Felipe VI, nuestro Rey, ha tomado la decisión de hacer público cual es su patrimonio personal, una decisión muy loable pero que de seguro no apaciguará a quienes desde la Transición tratan, por lo civil y por lo criminal, de acabar con la Monarquía y llevarnos a una República. Los socios de Sánchez son precisamente, esos, esos que pretenden destruir la Corona, el orden constitucional y la democracia.
El patrimonio del Rey se cifra en la actualidad en 2.573.392, 80 euros. La mayor parte de esta cantidad corresponde a depósitos bancarios, en cuentas corrientes o de ahorro, y participaciones en fondos de inversión, además de objetos de arte, antigüedades y joyas.
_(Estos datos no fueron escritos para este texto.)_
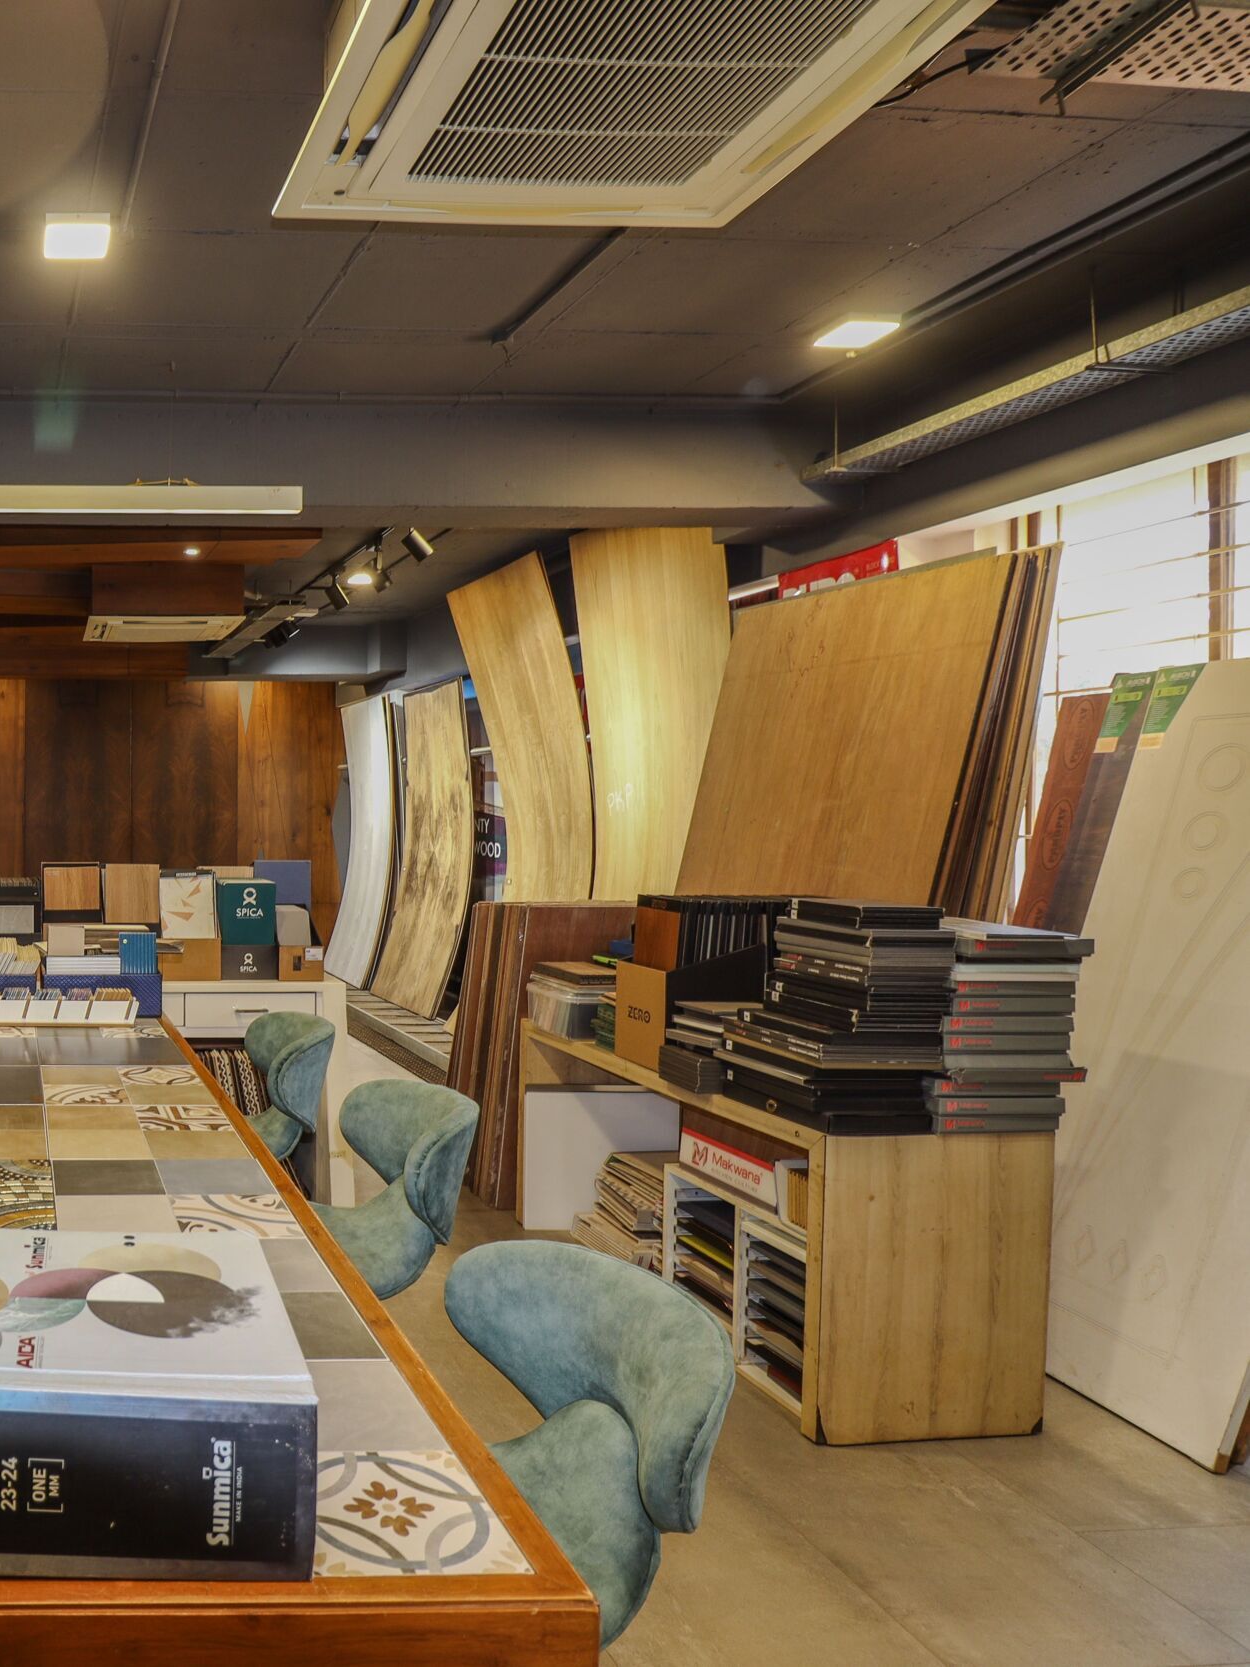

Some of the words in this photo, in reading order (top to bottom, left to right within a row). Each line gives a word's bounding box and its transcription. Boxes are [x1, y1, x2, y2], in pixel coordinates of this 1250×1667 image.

[236, 907, 264, 917] SPICA
[239, 965, 258, 973] SPICA
[627, 1005, 651, 1024] ZERO
[712, 1152, 761, 1186] Makwana
[16, 1336, 36, 1369] AICA
[0, 1456, 19, 1512] 23-24
[32, 1468, 47, 1503] ONE
[48, 1474, 60, 1498] MM
[203, 1440, 233, 1547] Sunmica
[235, 1489, 242, 1500] IN
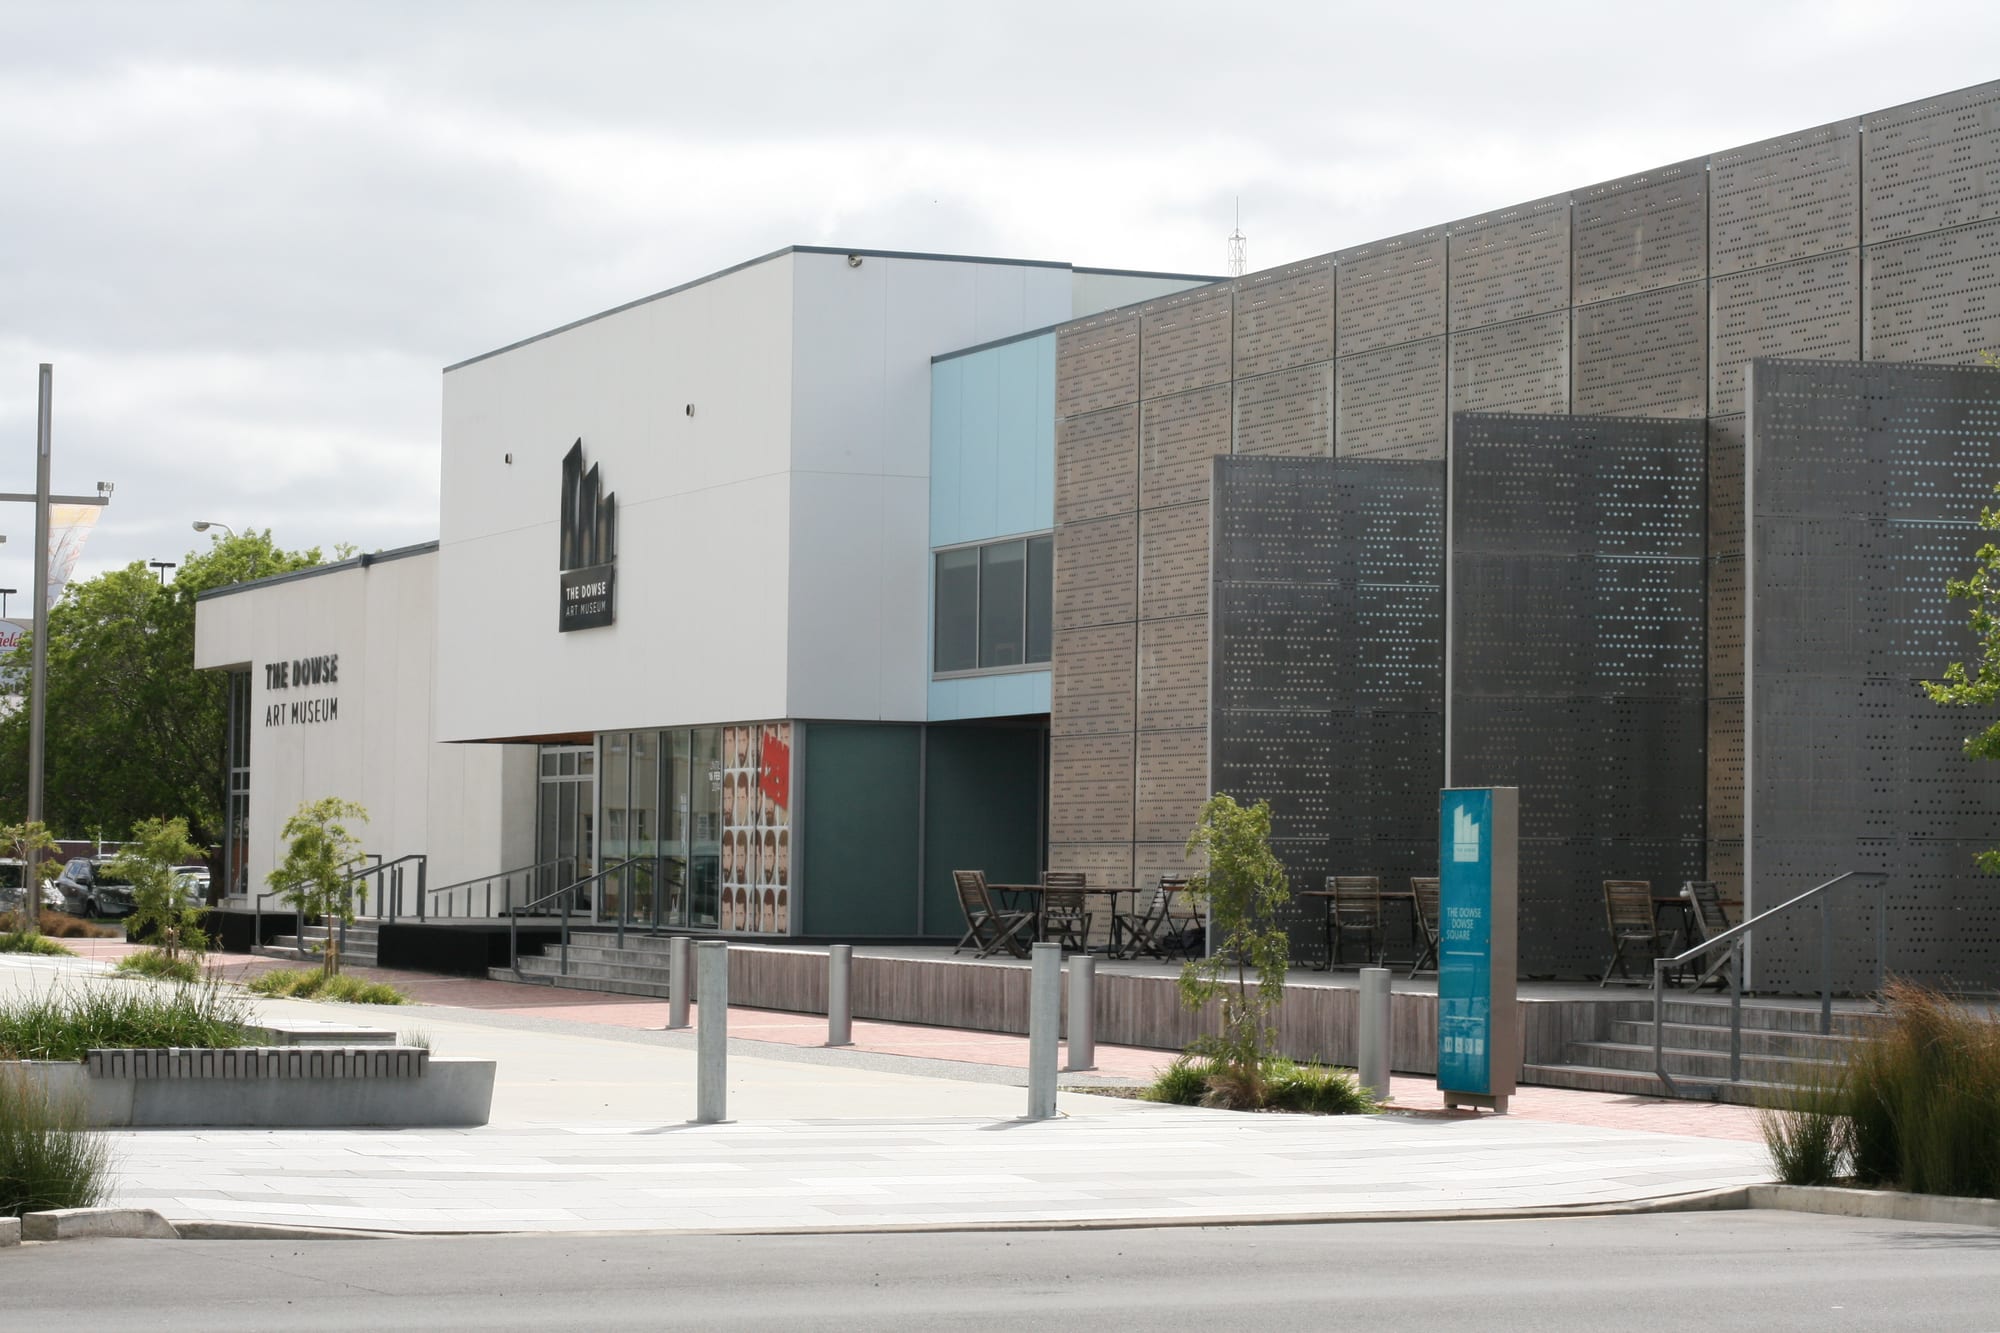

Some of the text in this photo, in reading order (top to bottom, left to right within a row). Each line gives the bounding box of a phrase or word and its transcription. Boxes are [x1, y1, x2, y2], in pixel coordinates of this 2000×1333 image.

El patrimonio de Felipe VI procede íntegramente del dinero que ha cobrado en los últimos 25 años del Estado, como Príncipe de Asturias y desde 2014, como Rey. En todo este periodo Felipe VI sólo percibió algo más de cuatro millones de euros.
Felipe VI hace muy bien en transmitir ejemplaridad en los asuntos económicos que le atañen, pues debe de demostrar que en nada se parece a su padre. De entrada, ni posee depósitos fuera de España, ni propiedades inmobiliarias de ningún tipo.
No podemos olvidar, que este Gobierno que padecemos, es claramente antimonárquico, los socios de Sánchez, comunistas, separatistas y proetarras, no lo ocultan, y el PSOE lo disimula, por ello, el Real Decreto que ha anunciado Sánchez para reformar la estructura y el funcionamiento de la Casa Real, habrá que mirarlo con lupa, por mucho que nos diga Sánchez, que reforzará la transparencia, la rendición de cuentas, la eficiencia y la ejemplaridad en la Casa Real.
Como Sánchez no tiene apoyos parlamentarios suficientes para suprimir, entre otras cosas, la inviolabilidad del Rey, consagrada en el artículo 56.3 de la Constitución, intentará hacer lo de siempre, mediante reales decretos debilitar a la Corona por la puerta de atrás.